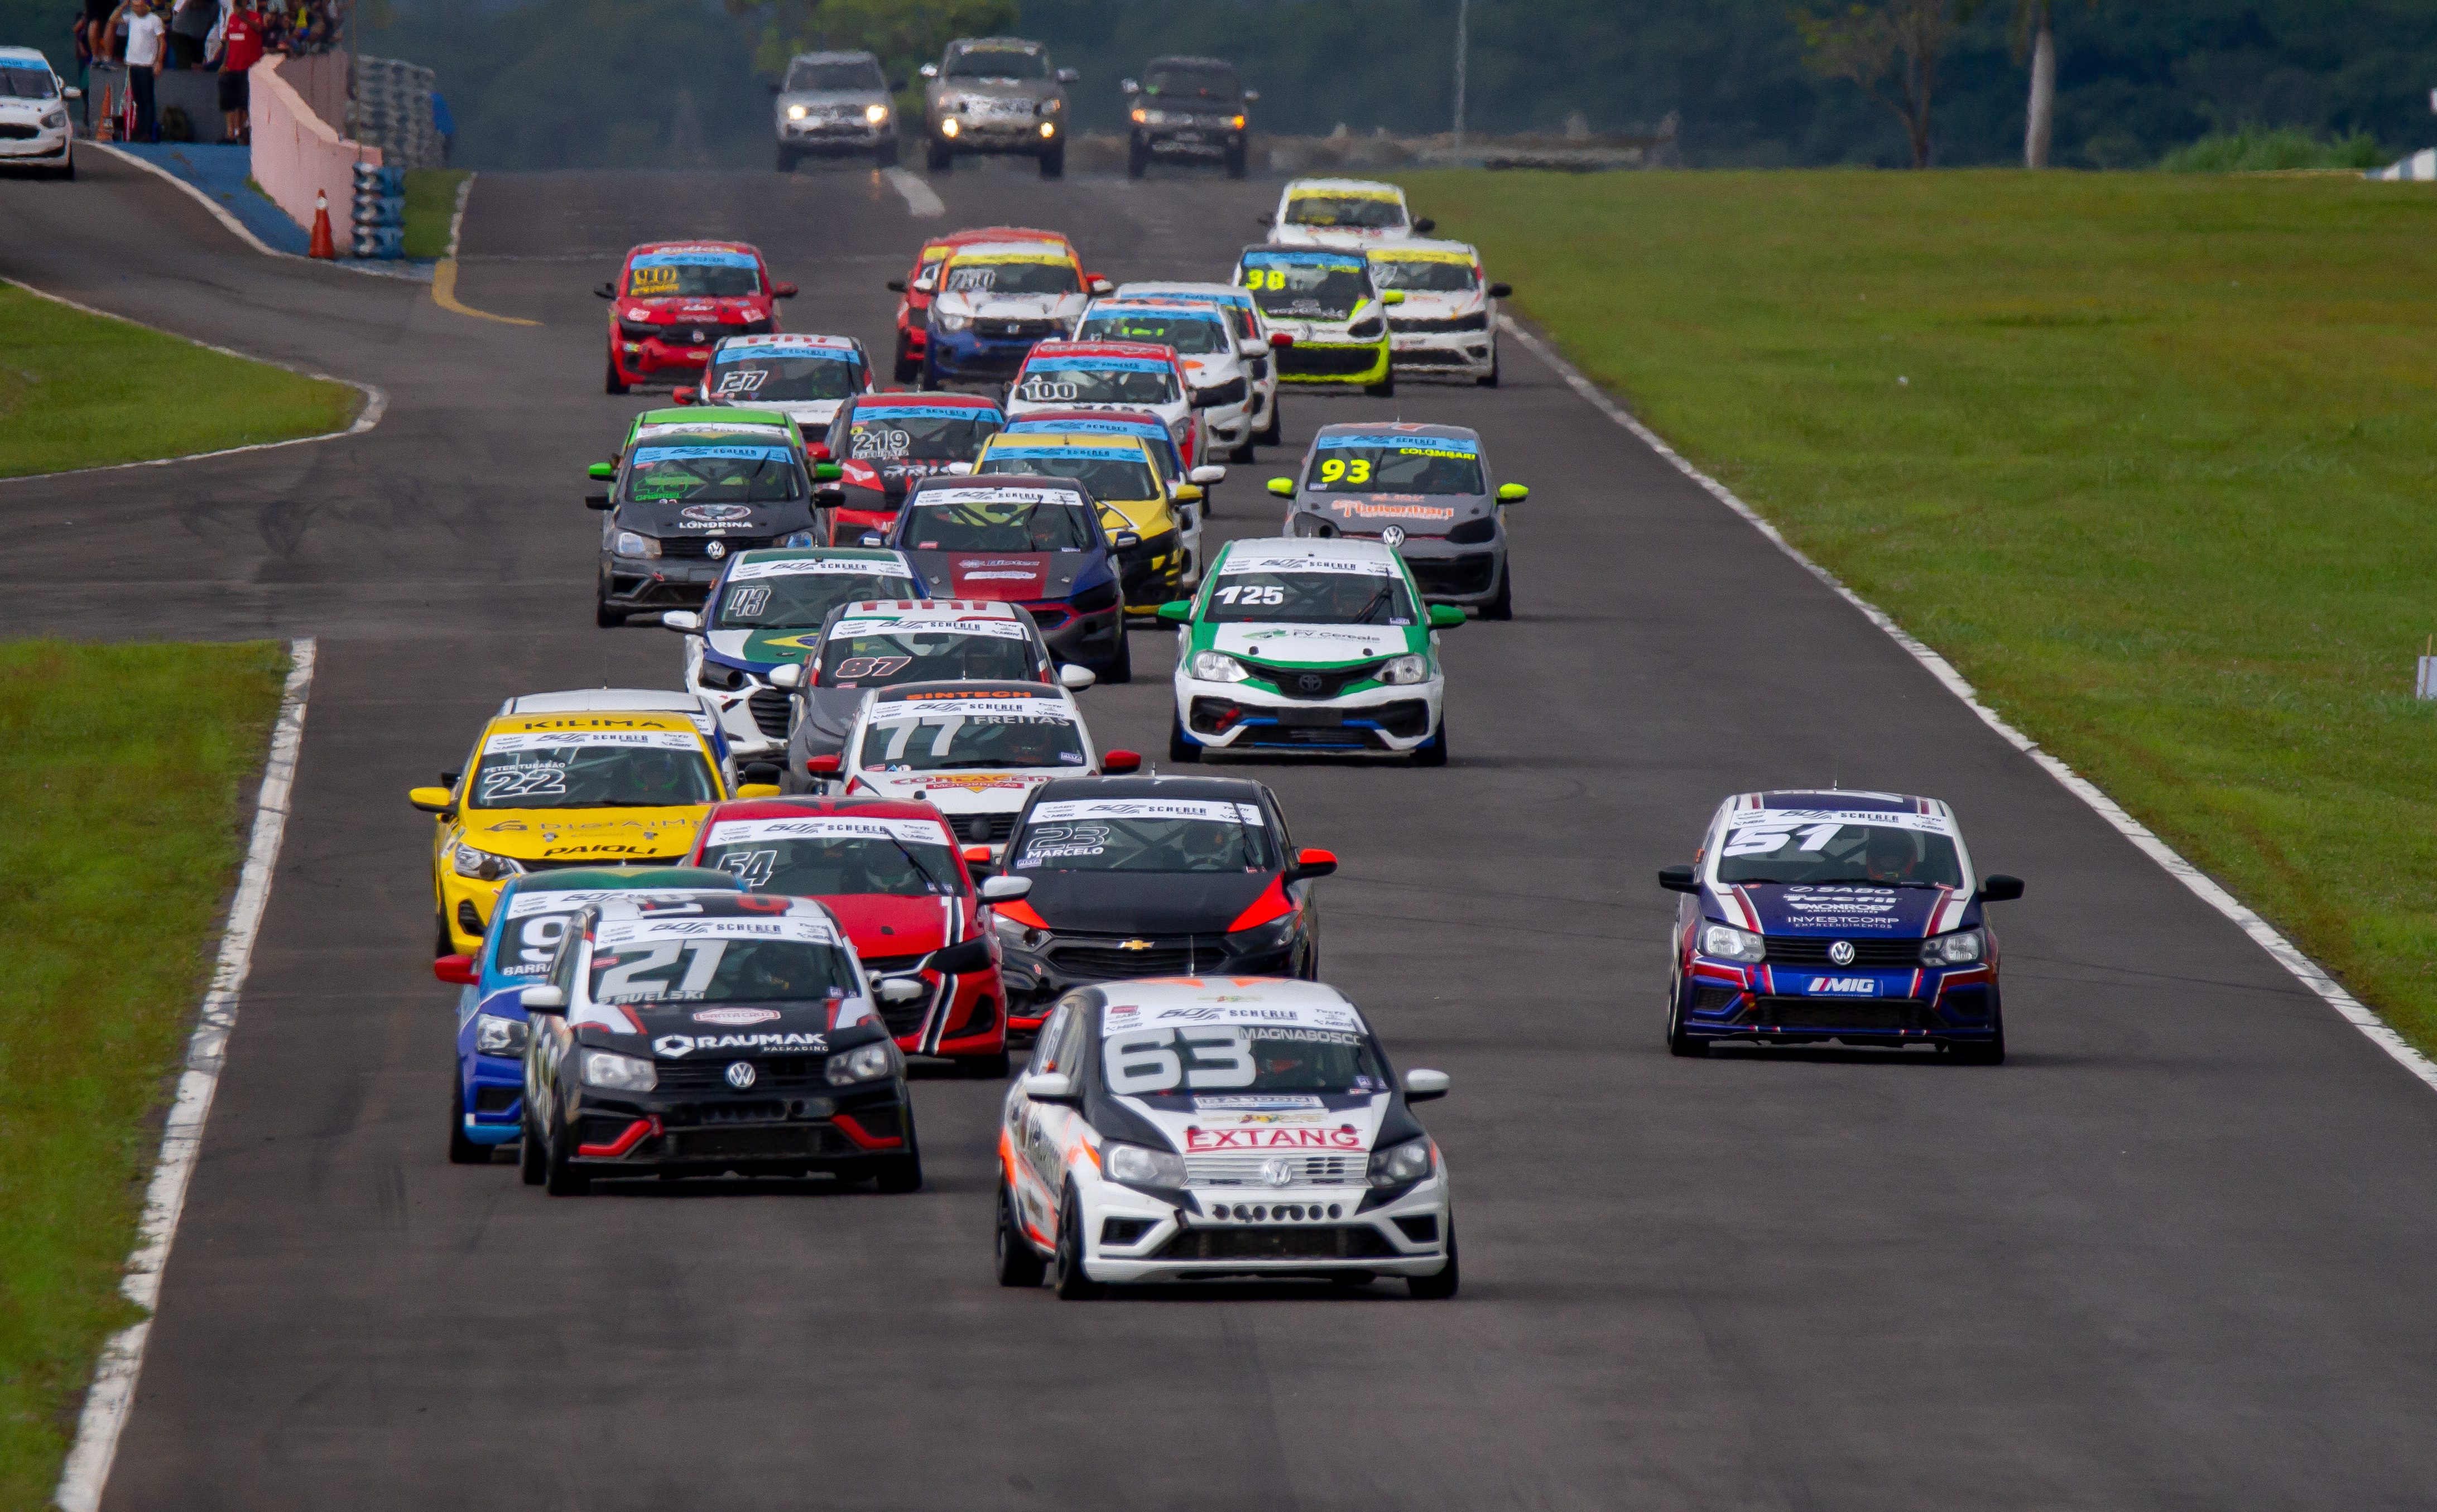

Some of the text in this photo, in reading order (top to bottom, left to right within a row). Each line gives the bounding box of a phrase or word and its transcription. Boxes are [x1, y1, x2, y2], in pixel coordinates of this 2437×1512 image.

[1246, 269, 1286, 291] 38
[1021, 381, 1078, 401] 100
[853, 430, 910, 457] 219
[1400, 447, 1476, 460] COLOMBARI
[1321, 458, 1372, 484] 93
[679, 520, 753, 529] LONDRINA
[1214, 585, 1285, 605] 125
[835, 656, 912, 678] 87
[525, 720, 666, 730] KILIMA
[974, 715, 1070, 726] FREITAS
[593, 734, 648, 743] SCHERER
[877, 715, 965, 760] 77
[484, 768, 566, 799] 22
[1148, 806, 1207, 814] SCHERER
[1840, 812, 1899, 821] SCHERER
[827, 824, 887, 832] SCHERER
[1026, 826, 1110, 851] 23
[1724, 824, 1844, 857] 51
[543, 844, 658, 857] PAIOLI
[1026, 847, 1104, 859] MARCELO
[717, 850, 778, 887] 54
[717, 923, 781, 933] SCHERER
[597, 940, 729, 1000] 21
[1229, 1009, 1297, 1019] SCHERER
[698, 1033, 828, 1048] RAUMAK
[1104, 1025, 1256, 1094] 63
[1186, 1128, 1361, 1148] EXTANG

※

● Work item: Before copying, set the pictures aside; then give the records again exactly.

● Response to the exercise:
Some of the text in this photo, in reading order (top to bottom, left to right within a row). Each line gives the bounding box of a phrase or word and its transcription. Boxes are [x1, y1, x2, y2], in pixel coordinates of this 2437×1512 image.

[1246, 269, 1286, 291] 38
[1021, 381, 1078, 401] 100
[853, 430, 910, 457] 219
[1400, 447, 1476, 460] COLOMBARI
[1321, 458, 1372, 484] 93
[679, 520, 753, 529] LONDRINA
[1214, 585, 1285, 605] 125
[835, 656, 912, 678] 87
[525, 720, 666, 730] KILIMA
[974, 715, 1070, 726] FREITAS
[593, 734, 648, 743] SCHERER
[877, 715, 965, 760] 77
[484, 768, 566, 799] 22
[1148, 806, 1207, 814] SCHERER
[1840, 812, 1899, 821] SCHERER
[827, 824, 887, 832] SCHERER
[1026, 826, 1110, 851] 23
[1724, 824, 1844, 857] 51
[543, 844, 658, 857] PAIOLI
[1026, 847, 1104, 859] MARCELO
[717, 850, 778, 887] 54
[717, 923, 781, 933] SCHERER
[597, 940, 729, 1000] 21
[1229, 1009, 1297, 1019] SCHERER
[698, 1033, 828, 1048] RAUMAK
[1104, 1025, 1256, 1094] 63
[1186, 1128, 1361, 1148] EXTANG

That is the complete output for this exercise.